• What this task involves
All records are to be restated exactly, each line as it reads.

*** Opening Source material ***

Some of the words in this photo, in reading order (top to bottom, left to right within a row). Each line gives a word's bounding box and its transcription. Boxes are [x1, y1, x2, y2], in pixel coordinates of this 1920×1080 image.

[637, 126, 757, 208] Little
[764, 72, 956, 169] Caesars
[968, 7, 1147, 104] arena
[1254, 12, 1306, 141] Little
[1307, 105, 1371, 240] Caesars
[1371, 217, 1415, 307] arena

*** Closing Source material ***

• Exercise solution
Some of the words in this photo, in reading order (top to bottom, left to right within a row). Each line gives a word's bounding box and its transcription. Boxes are [x1, y1, x2, y2], in pixel coordinates of this 1920×1080 image.

[637, 126, 757, 208] Little
[764, 72, 956, 169] Caesars
[968, 7, 1147, 104] arena
[1254, 12, 1306, 141] Little
[1307, 105, 1371, 240] Caesars
[1371, 217, 1415, 307] arena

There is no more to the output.